What the exercise asks.
Return the following entries exactly, word for word.

Excerpted data.
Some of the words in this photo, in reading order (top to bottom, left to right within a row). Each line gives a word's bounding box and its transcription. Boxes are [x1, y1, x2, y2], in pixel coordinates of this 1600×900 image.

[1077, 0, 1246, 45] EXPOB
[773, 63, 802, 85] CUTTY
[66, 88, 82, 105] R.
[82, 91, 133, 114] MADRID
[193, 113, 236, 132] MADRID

Exercise result.
Some of the words in this photo, in reading order (top to bottom, left to right within a row). Each line gives a word's bounding box and its transcription. Boxes are [x1, y1, x2, y2], in pixel coordinates of this 1600×900 image.

[1077, 0, 1246, 45] EXPOB
[773, 63, 802, 85] CUTTY
[66, 88, 82, 105] R.
[82, 91, 133, 114] MADRID
[193, 113, 236, 132] MADRID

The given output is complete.